## TASK GOAL:
For every record, give an exact copy that has no pictures in it.

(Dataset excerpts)

_ _ _ _ _ _ _

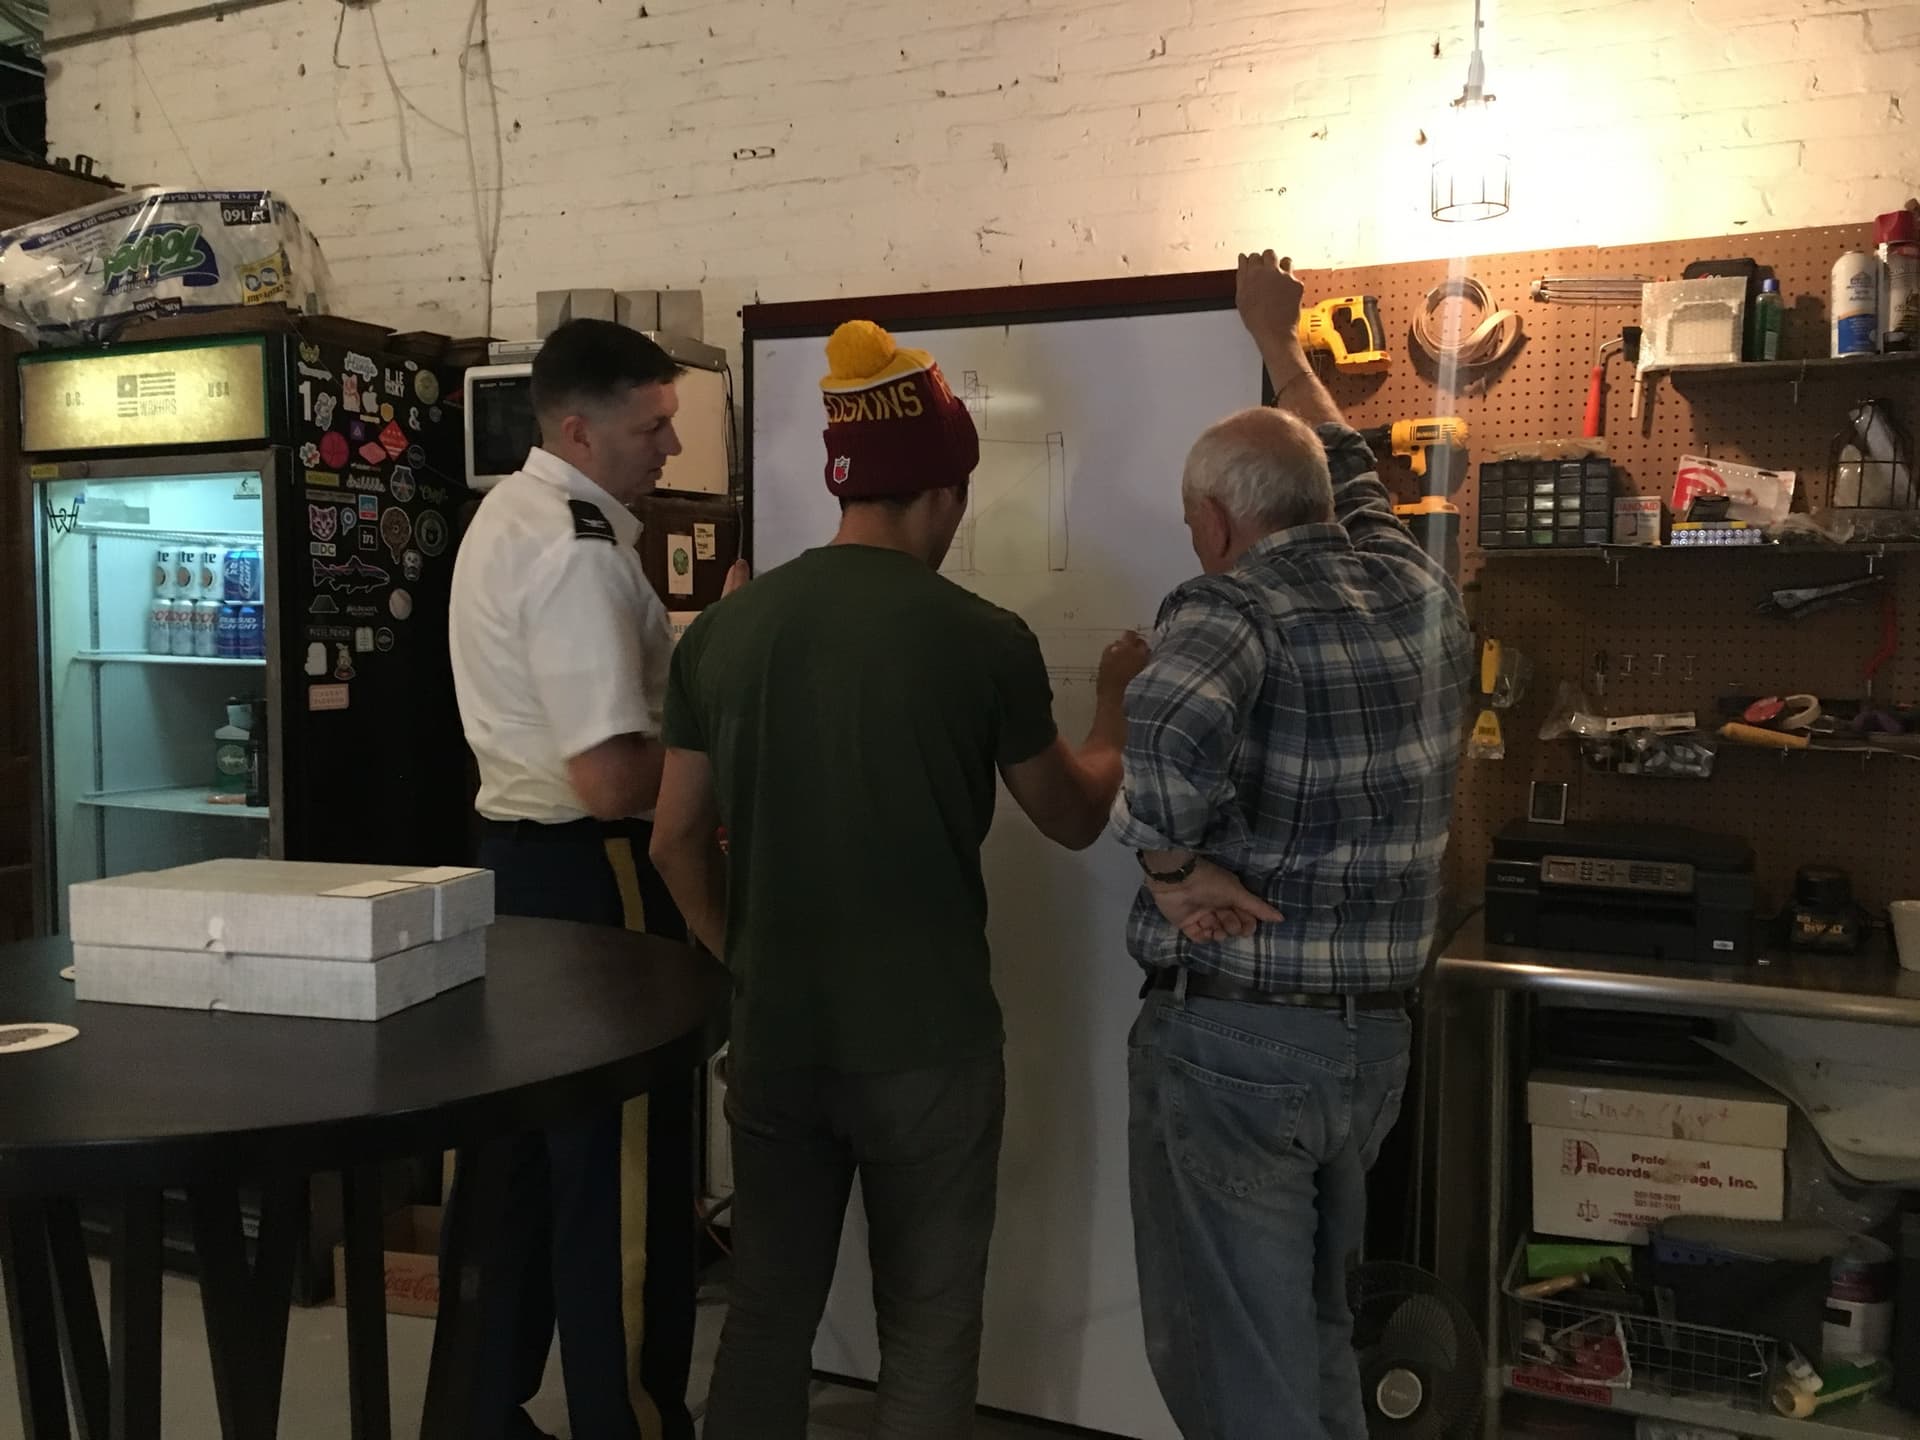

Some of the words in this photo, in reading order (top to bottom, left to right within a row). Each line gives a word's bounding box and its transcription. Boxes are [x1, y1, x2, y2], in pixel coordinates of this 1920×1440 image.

[223, 208, 248, 223] 160
[207, 381, 230, 398] USA
[824, 381, 924, 424] EDSKINS
[320, 544, 335, 555] DC
[1586, 1163, 1651, 1180] Records
[1728, 1174, 1758, 1191] Inc.

_ _ _ _ _ _ _

## TASK ANSWER:
Some of the words in this photo, in reading order (top to bottom, left to right within a row). Each line gives a word's bounding box and its transcription. Boxes are [x1, y1, x2, y2], in pixel coordinates of this 1920×1440 image.

[223, 208, 248, 223] 160
[207, 381, 230, 398] USA
[824, 381, 924, 424] EDSKINS
[320, 544, 335, 555] DC
[1586, 1163, 1651, 1180] Records
[1728, 1174, 1758, 1191] Inc.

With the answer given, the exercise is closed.